Story at a glance
- The Western U.S. entered a megadrought in 2000.
- The megadrought was caused by a combination of dry elements and climate change.
- The 2020 fire season was the West’s worst in recent history.
Some scientists believe the Western United States is on the verge of a permanent drought.
A permanent drought is characterized by an unchanging dry climate, sparse vegetation and increased risk of wildfires.
Recent years have seen expansive droughts and longer fire seasons, following the year 2000 when scientists say the Western U.S. entered a megadrought. Found to be the second worst in 1,200 years, the megadrought was spurred by a combination of dry elements and climate change brought on by human activity.
Over the last 20 years, the two worst droughts occurred in 2003 and 2013.
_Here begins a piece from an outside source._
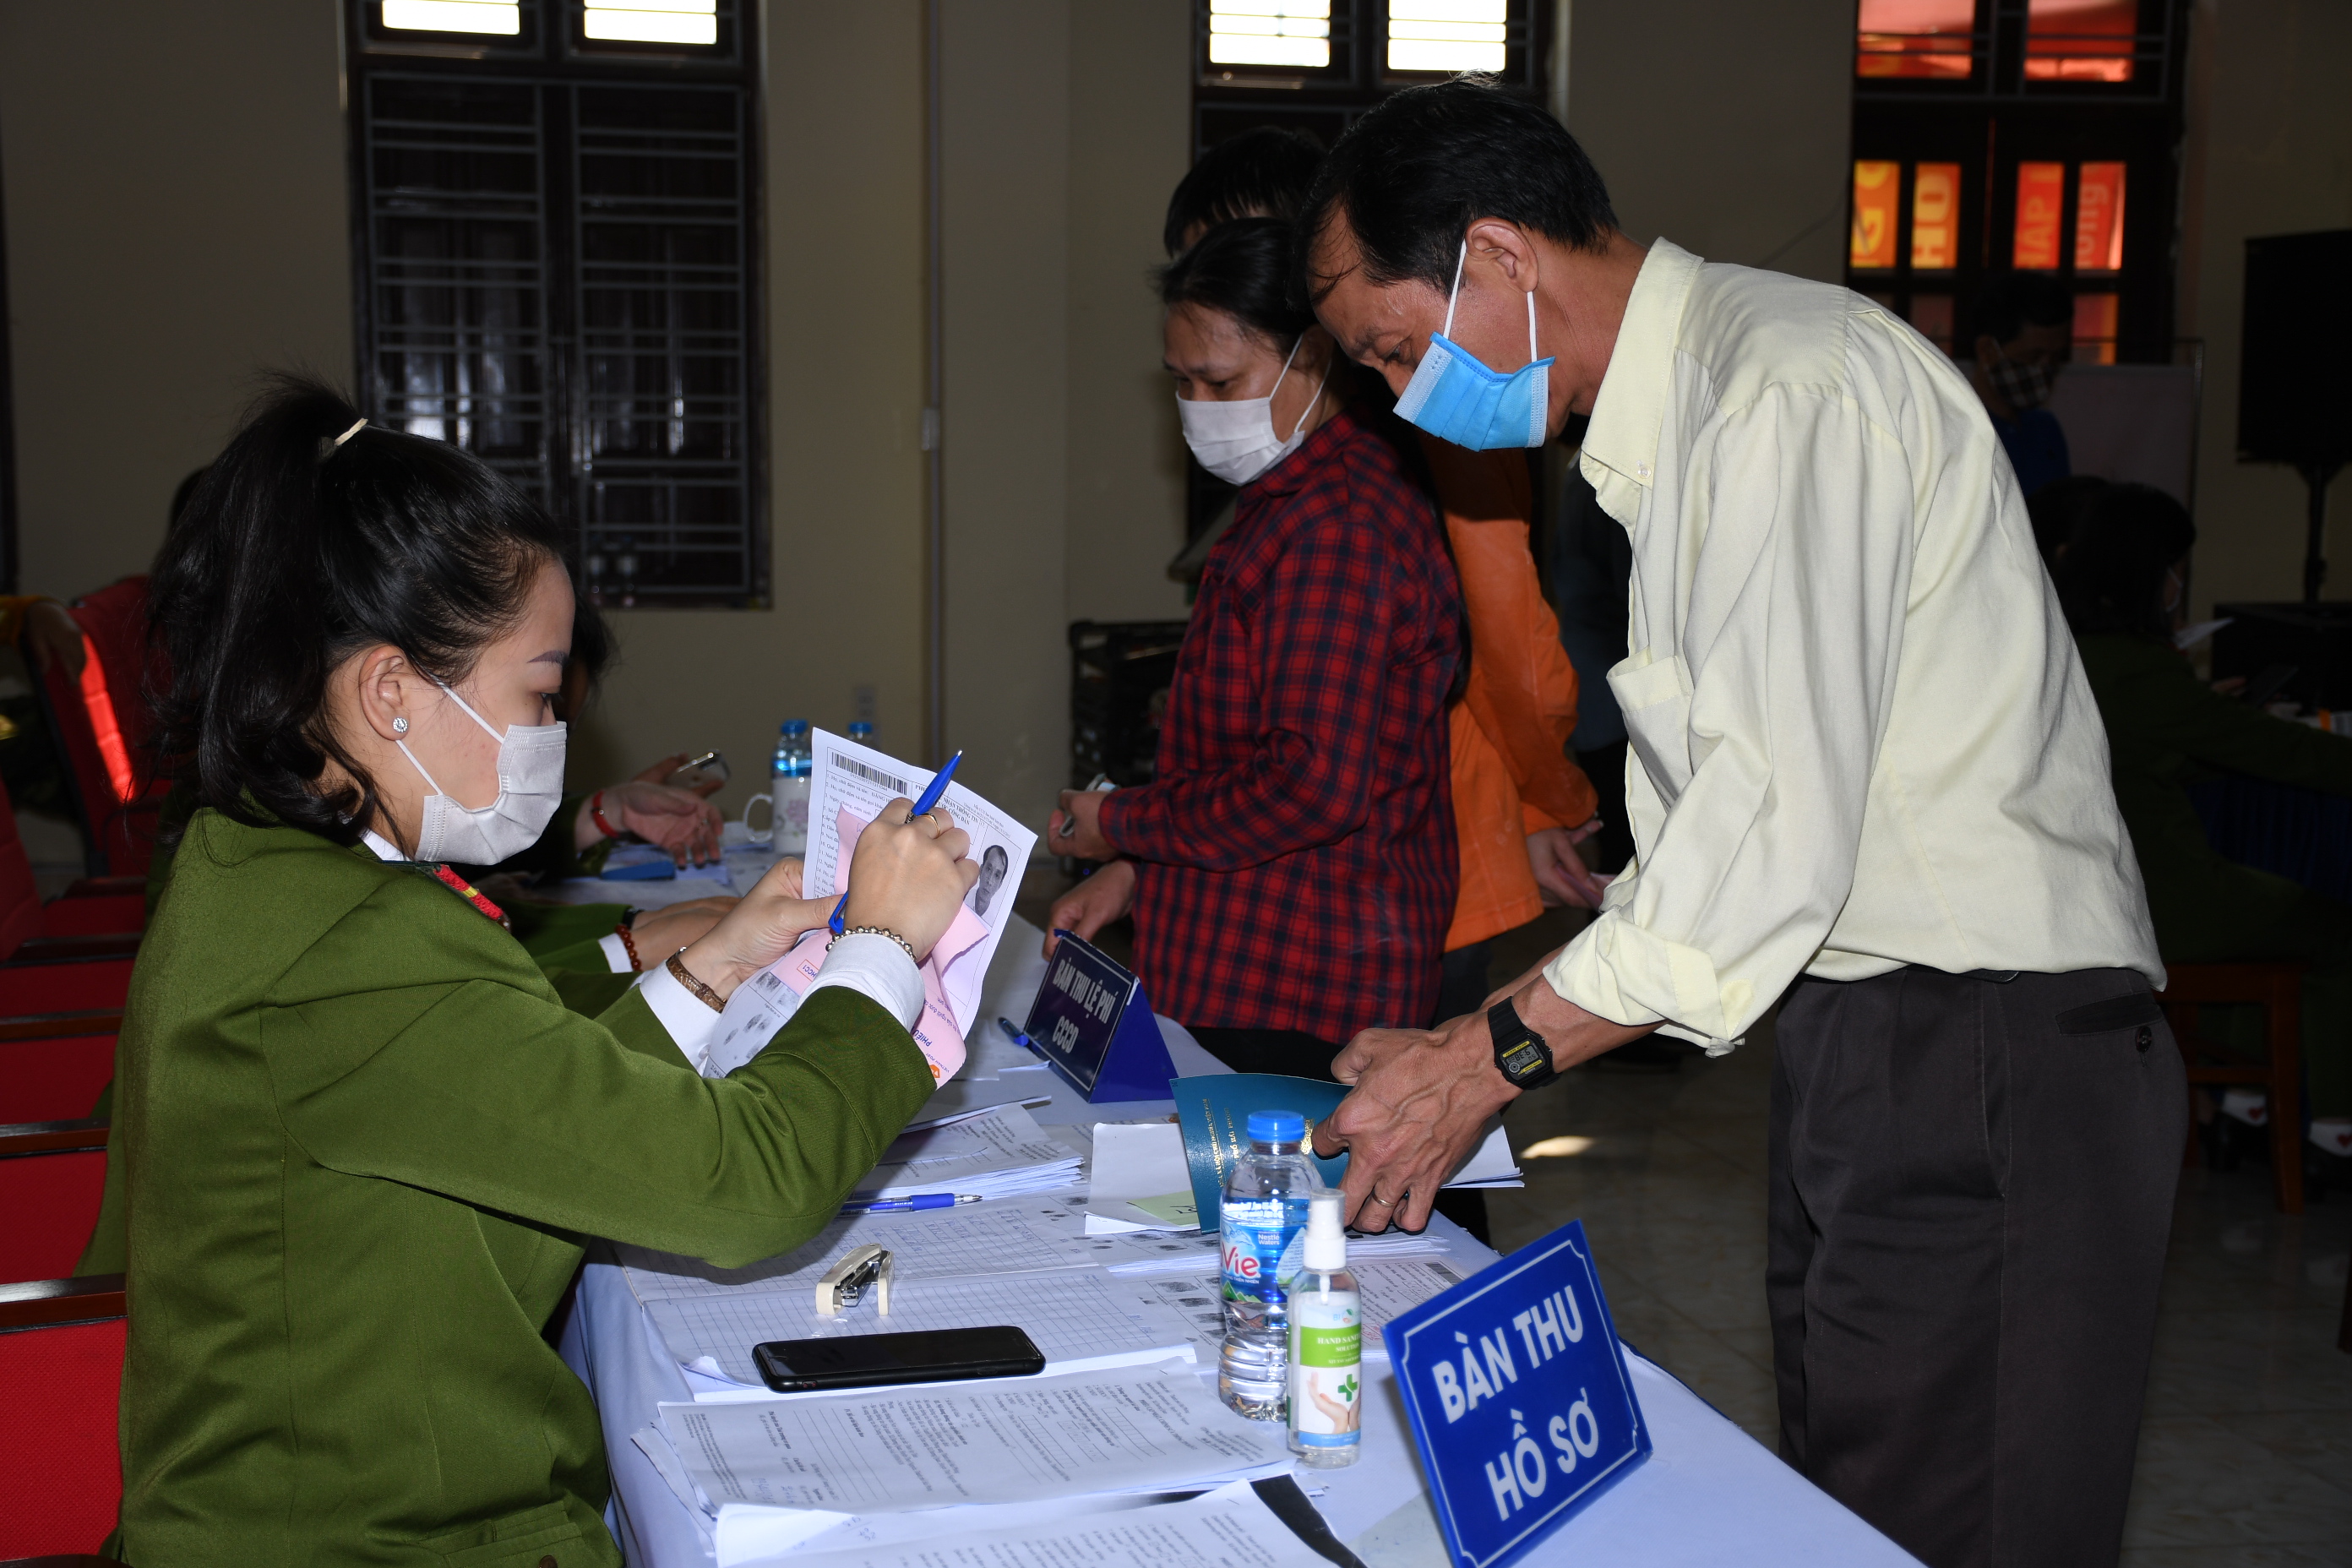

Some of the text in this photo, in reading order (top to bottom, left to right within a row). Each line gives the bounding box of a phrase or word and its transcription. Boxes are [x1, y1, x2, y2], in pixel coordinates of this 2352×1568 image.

The concern is heightened as the Western states enter the summer dry season, with the U.S. Drought Monitor anticipating the driest conditions leading to water restrictions and an aggressive fire season.
The U.S. Drought Monitor currently reads that Western states are experiencing temperatures ranging from 4 to 15 degrees above normal, and last year’s wet season saw 25 percent to 50 percent of its average rainfall.
Complicating matters, the West’s southern areas only received 50 percent to 75 percent of their normal snowpack. In the West, lakes, rivers, and reservoirs depend on melting snow to replenish them. These then provide water to residents. For example, the Colorado River provides water for 40 million people and 5 million acres of farmland, according to an article by ABC.
This is a recurring issue, with snowpack decreasing by 25 percent in Western states over the last 40 years. Now, the combination of lack of water, dry conditions and increased temperatures has caused concern as the area reenters fire season.
The 2020 fire season was the West’s worst in recent history. Both California and Colorado experienced their largest fires ever reported, and fire season itself is two to three months longer now than it was a few decades ago.
As the West begins to enter fire season again, lasting late spring through early winter, the outlook is unpredictable.